Friday, August 20, 2010

Knowing the bug

Testing involve many activities like finding issues,reporting status,exploring,understanding  your application and may be more. Among all I personally like  debugging or troubleshooting the bug. Some people might say that it is not tester's job and tester's job is to just report the issue. I don't want to argue on that but I would like to say that knowing and finding root cause of bugs help me in following ways,


-That experienced can be used when you test similar set of application.
- If you are aware that you are going to hit same bug with newly design feature, you can very well give your input at design time.
-You will get to know more about internals of AUT, which will help you to isolate bugs  and make your bug report stronger.

I love to find the root cause of bugs  before reporting the bug. I have developed some debugging experience  but if some new features going to come I always like to question developer. Question will be "How they will go about debugging if they found some bug in the new feature". We can use that information as much as possible until it is not that related to code debugging. I would like to put some debugging experience with web application which can be used in general. I also use this technique to isolate bugs. Suppose you hit issue while testing web based application.

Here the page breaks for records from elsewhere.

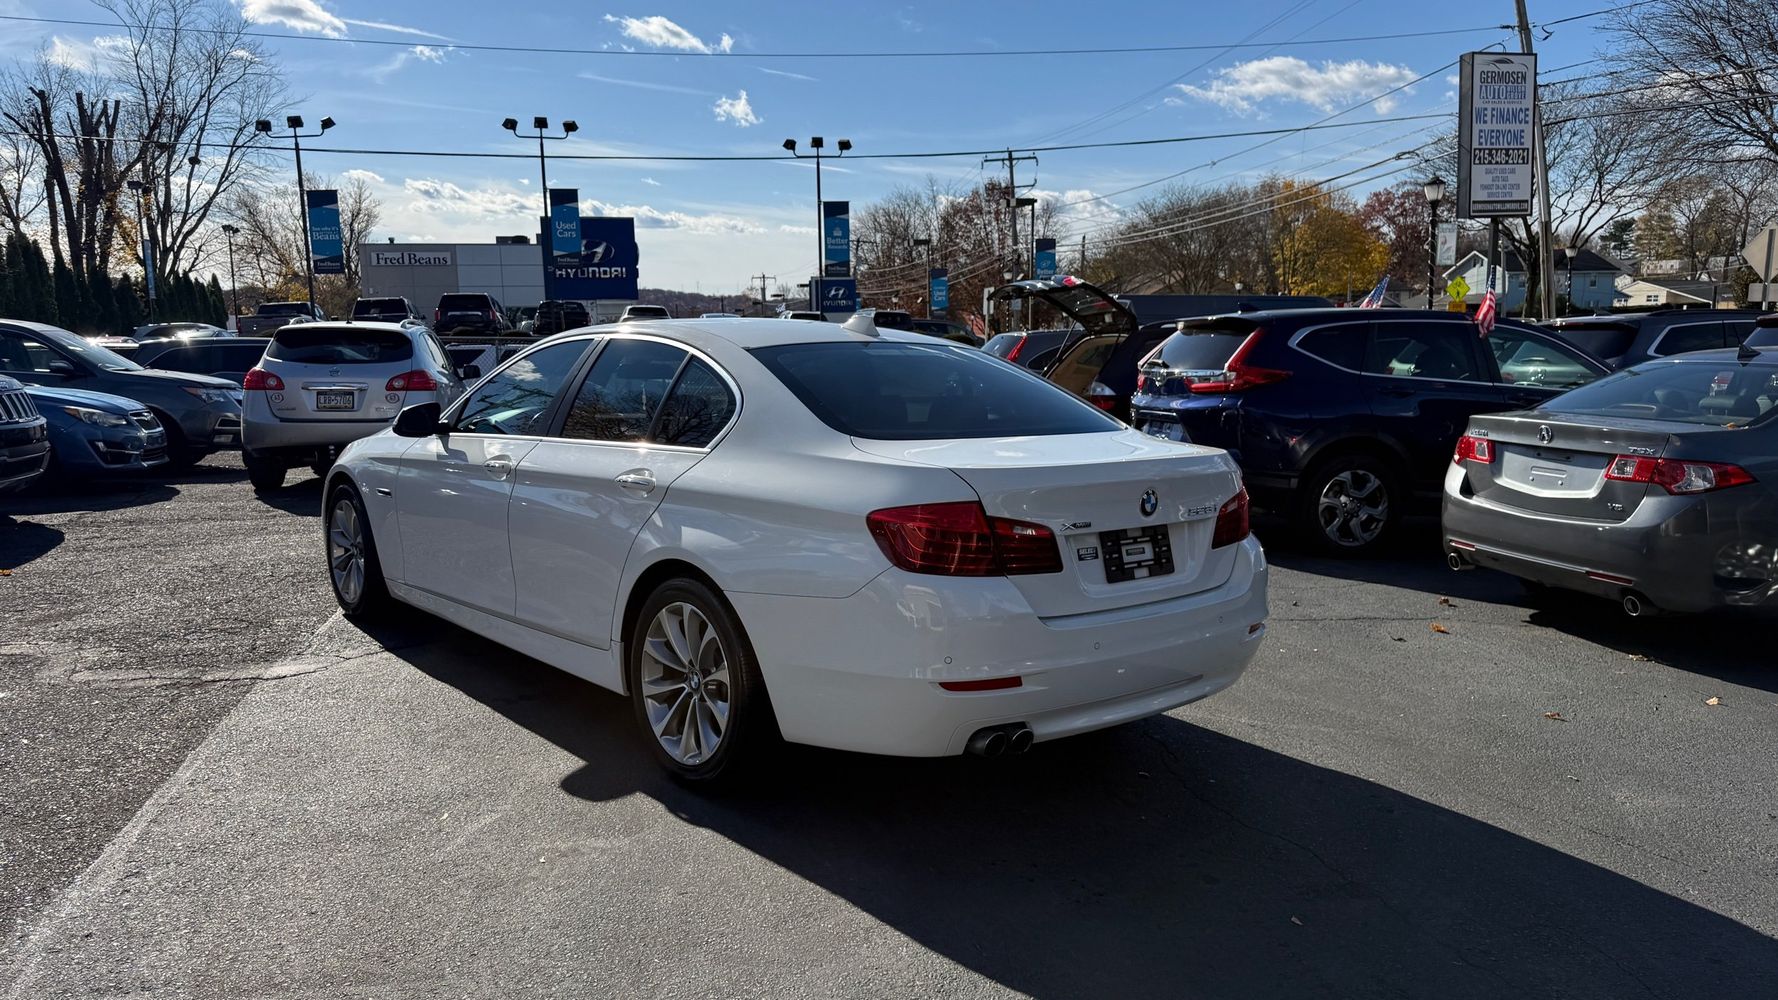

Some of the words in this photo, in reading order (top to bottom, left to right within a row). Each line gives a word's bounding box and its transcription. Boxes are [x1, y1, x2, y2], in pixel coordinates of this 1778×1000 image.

[1480, 70, 1527, 84] GERMOSEN
[1480, 85, 1506, 99] AUTO
[1475, 106, 1487, 125] WE
[1490, 107, 1529, 125] FINANCE
[1478, 128, 1524, 146] EVERYONE
[1474, 149, 1528, 164] 215-346-2021
[555, 221, 576, 230] Used
[312, 232, 340, 240] Beans
[556, 229, 576, 238] Cars
[376, 252, 405, 265] Fred
[407, 252, 448, 265] Beans
[555, 266, 627, 278] HYUNDAI
[1628, 446, 1656, 455] TSX

-First thing will be to divide it in two parts. Issue can be either server side issue or client side issue .
Server side debugging can be started started with server logs. There can be two types of server logs for web based application
  • Web Server logs :-Sometimes these logs are useful to identify what type of HTTP request is coming to server. There are status code for each type of HTTP response, So if your application works over HTTP then status code can help you to check if every request coming from client is fine. You can make out from this logs that issue is client side or server side.
  • Application server logs :- Logs generated by application and often Application server  logs + Web server logs are combined to form one log. Logging in debug mode helps to find out any exception or error. Exceptions throws stack trace, which highlight origin of error. You can follow the stacktrace and if you have little bit idea of the code you can find the actual root cause of issue.
If you cannot find issue in server side then you can try debugging in client side.For web based client side application you will find most issues related to javascript.To debug that
-Firefox has Error console or you can use Firebug as Firefox extension, which gives fare amount of understanding of script errors.
-Chrome comes with embedded developer tools for debugging javascript errors.

It is always good to question your developers about debugging. Tester are the one to see the issues in first place, so they can be one of best person to debug and this can help you avoid getting "bug not reproducible" responses  from development.









Wednesday, August 4, 2010

Browser compatibility what i understood

Now a days most of desktop based application moving towards web based. I guess everyone sometime or other get to test web applications.

Assuming your web AUT(application under test) has lot of features which will result in huge number of testcases.  Let's say  AUT has hundreds of testcases as it has been the case for me, most of time. Basic requirement for test team is to make sure all features works fine on every web browser we support. Best way to achieve this is to run every testcase on every browser which will be an exhaustive way. I really don't like this way and I feel there should be a way to optimize this. Validating your web application for all web browser is callled cross-browser compatibility thats what i am going to focus on .


From my experience what  I have discovered is that there are two areas where behavior of your application changes from browser to browser. If I concentrate on those two areas then I can optimize  on testing for browser compatibility.


 Those areas are
  1. CSS 
  2. Javascript
  • CSS  is guidelines which tells browser how to display your page. These guidelines are stored  in a file( with .css extension) with web pages.There are standard for these guideline but different browser interpret these files differently, which causes your web pages  to display incorrectly. Most common issue you will find  due to CSS are,
    • label size not proper.
    • Text font vary across browser.
    • pop-up menu does not render properly. In general you can say all UI rendering issues.
         To find CSS issues,
    • navigate through  all pages/dialog box  and popup menus  on your web application.If there is any UI problem  due to CSS  you will easily observe it .
  •  Javascript is scripting language for browsers  to perform some dynamic operation on browser.Usually inputs given by user can be processed immediately on browser itself rather getting it processed from server .Every browser has there own javascript engine and browser sometimes fail to execute these javascripts in runtime.  Issues mostly due to javascript  are,
    • WebElements(links,buttons and images etc ) calling javascript does not work at all
          To find issues related to javascript,
    • Test all links which call javascript or uses javascript in some way .You can use developer tool like firebug .Firebug is add-on to firefox which helps you see internal of web pages you are browsing

According to me, if you attack these two areas you  can optimize on browser compatibility and avoid  running every  testcase on every browser.